A faithful copy of each entry below is expected, with the images removed.

── Provided entries

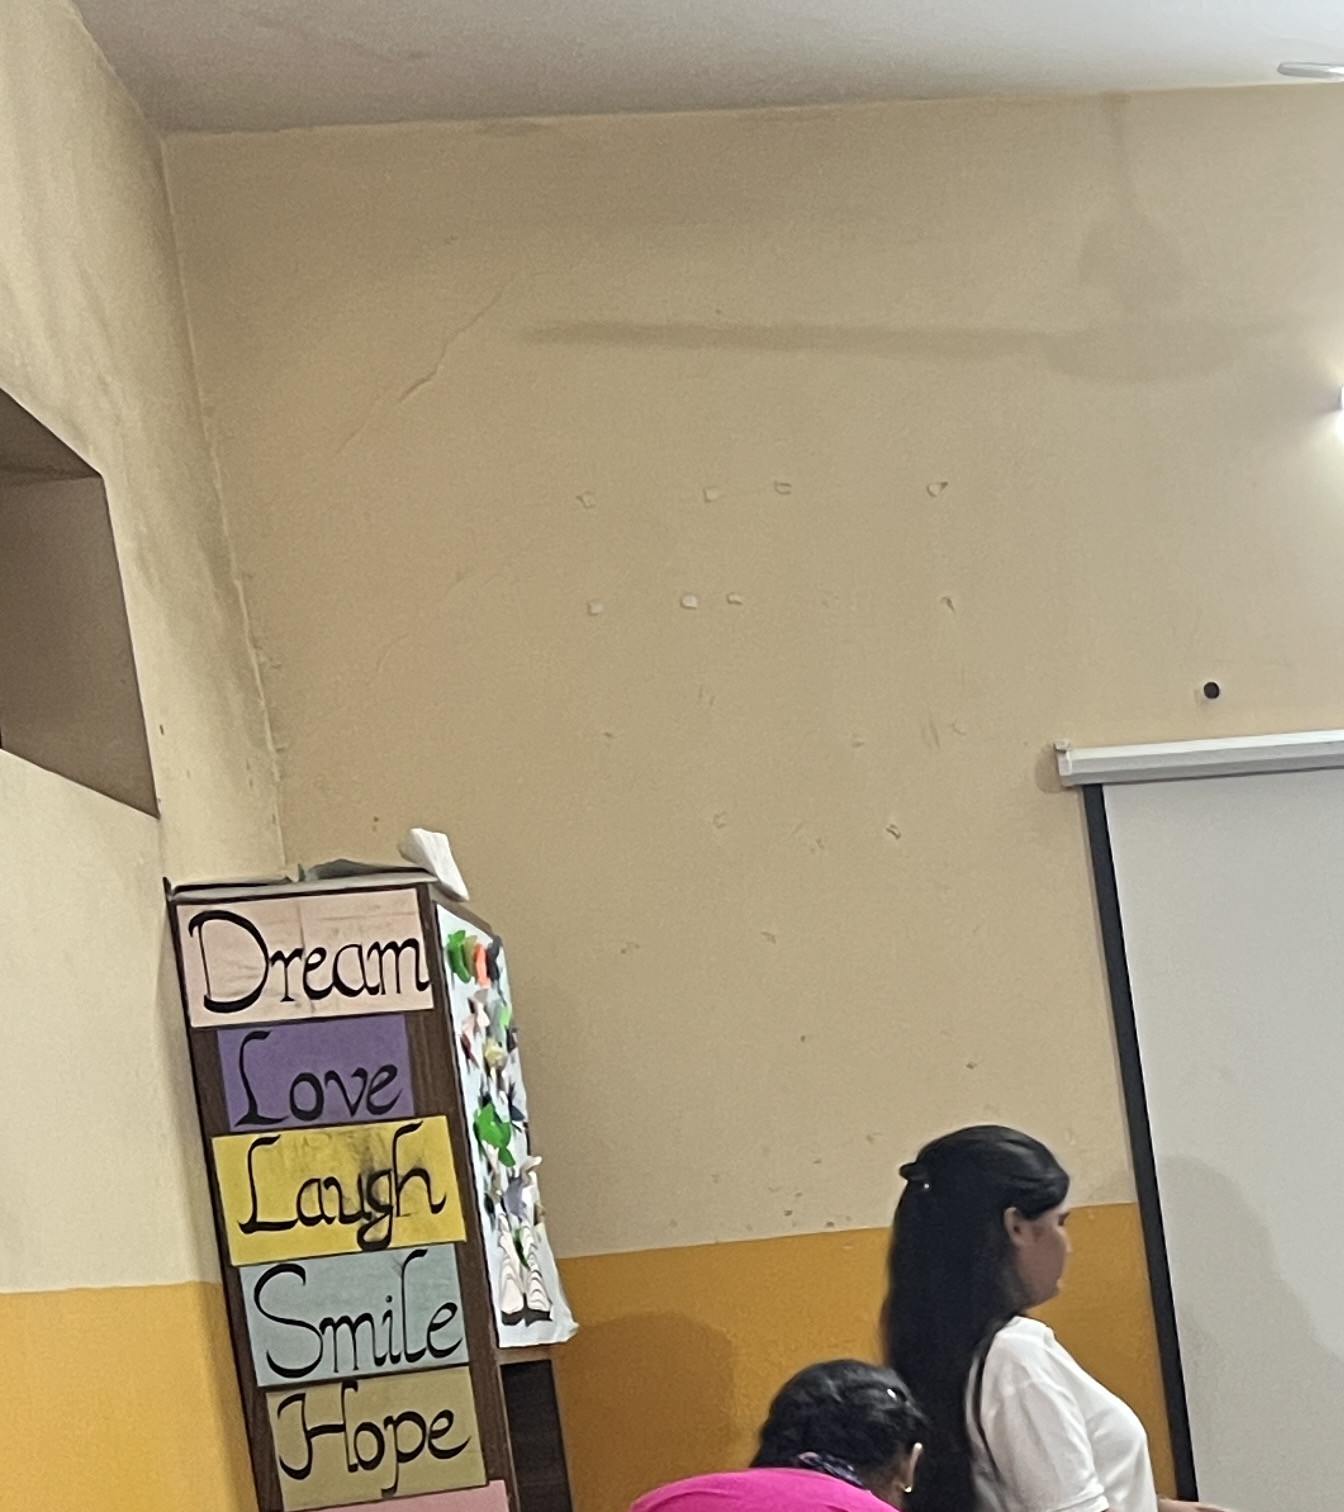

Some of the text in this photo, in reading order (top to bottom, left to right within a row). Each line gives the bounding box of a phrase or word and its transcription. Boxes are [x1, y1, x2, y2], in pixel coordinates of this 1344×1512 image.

[189, 909, 430, 1013] Dream
[237, 1031, 403, 1126] Love
[238, 1123, 447, 1251] Laugh
[253, 1250, 464, 1380] Smile
[278, 1383, 471, 1496] Hope
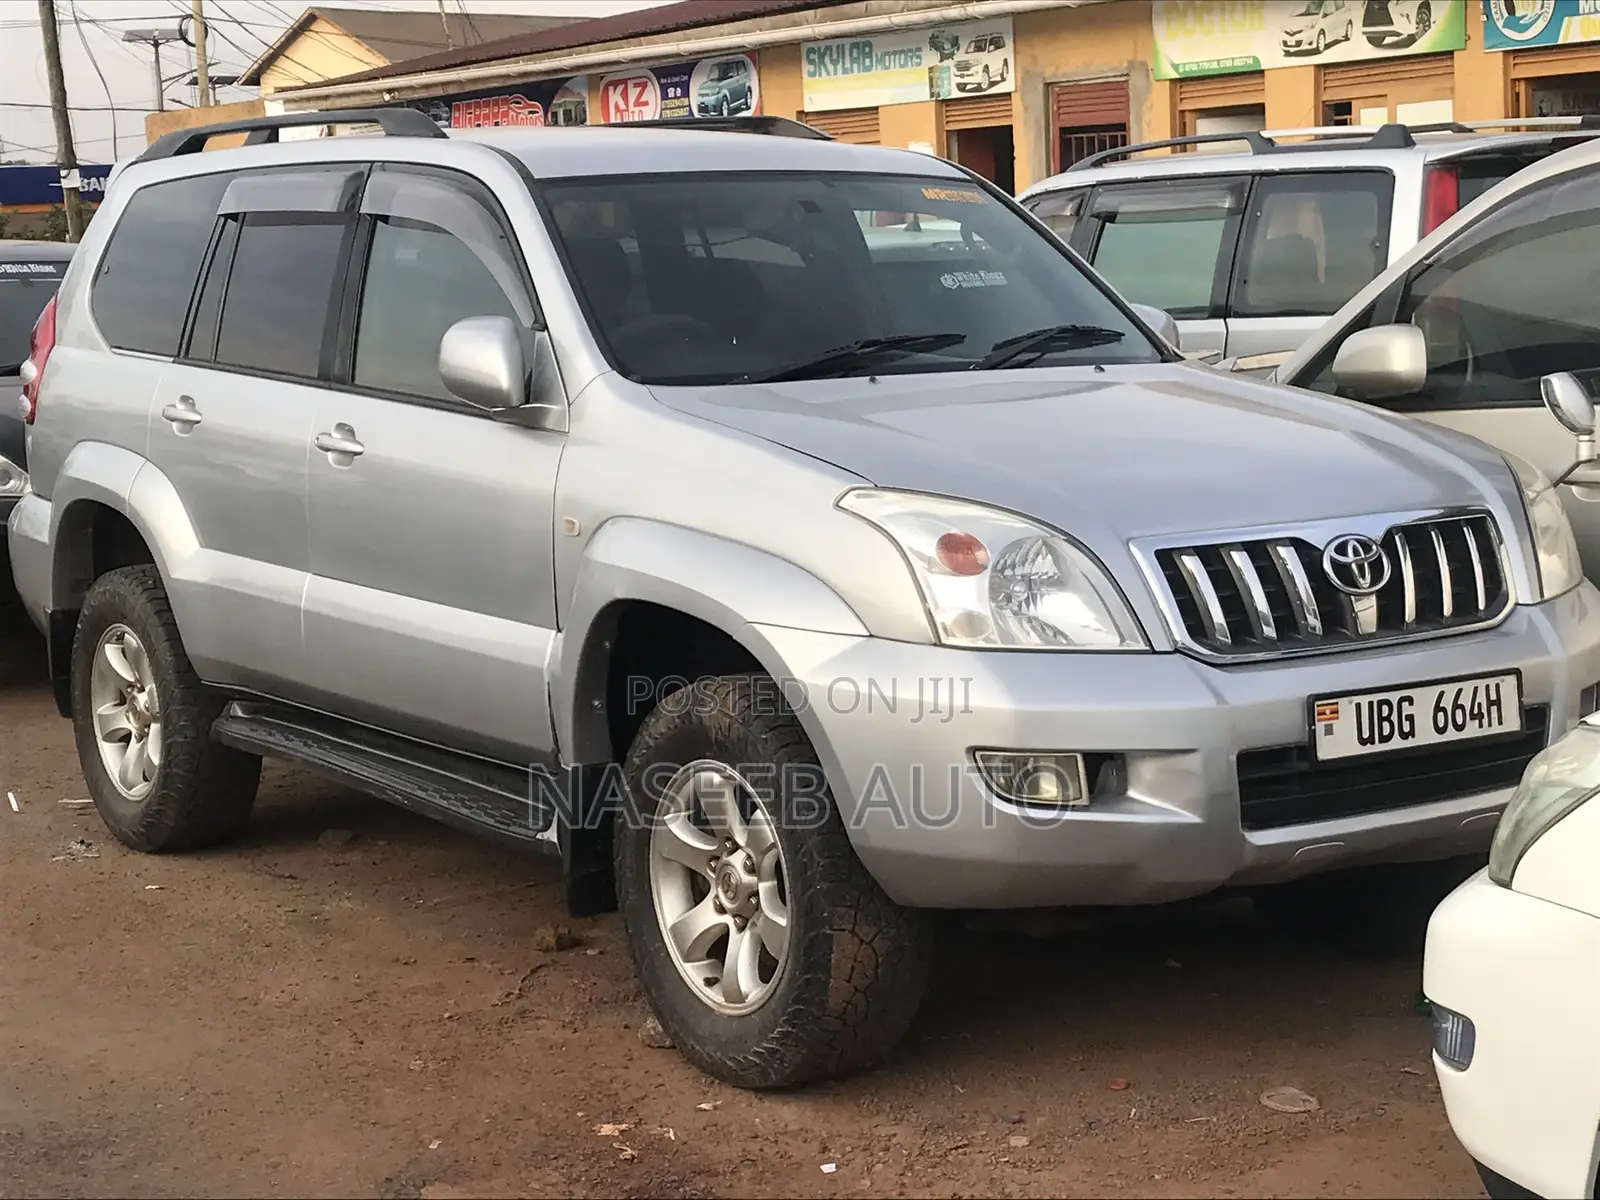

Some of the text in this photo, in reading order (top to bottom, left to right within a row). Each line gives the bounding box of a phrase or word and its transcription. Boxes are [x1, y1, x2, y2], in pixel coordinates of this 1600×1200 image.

[805, 40, 923, 78] SKYLAB MOTORS
[1355, 682, 1503, 746] UBG 664H

────

• _Expected output_:
Some of the text in this photo, in reading order (top to bottom, left to right within a row). Each line gives the bounding box of a phrase or word and its transcription. Boxes are [x1, y1, x2, y2], in pixel coordinates of this 1344×1512 image.

[189, 909, 430, 1013] Dream
[237, 1031, 403, 1126] Love
[238, 1123, 447, 1251] Laugh
[253, 1250, 464, 1380] Smile
[278, 1383, 471, 1496] Hope

Some of the text in this photo, in reading order (top to bottom, left to right within a row). Each line gives the bounding box of a phrase or word and its transcription. Boxes are [x1, y1, x2, y2], in pixel coordinates of this 1600×1200 image.

[805, 40, 923, 78] SKYLAB MOTORS
[1355, 682, 1503, 746] UBG 664H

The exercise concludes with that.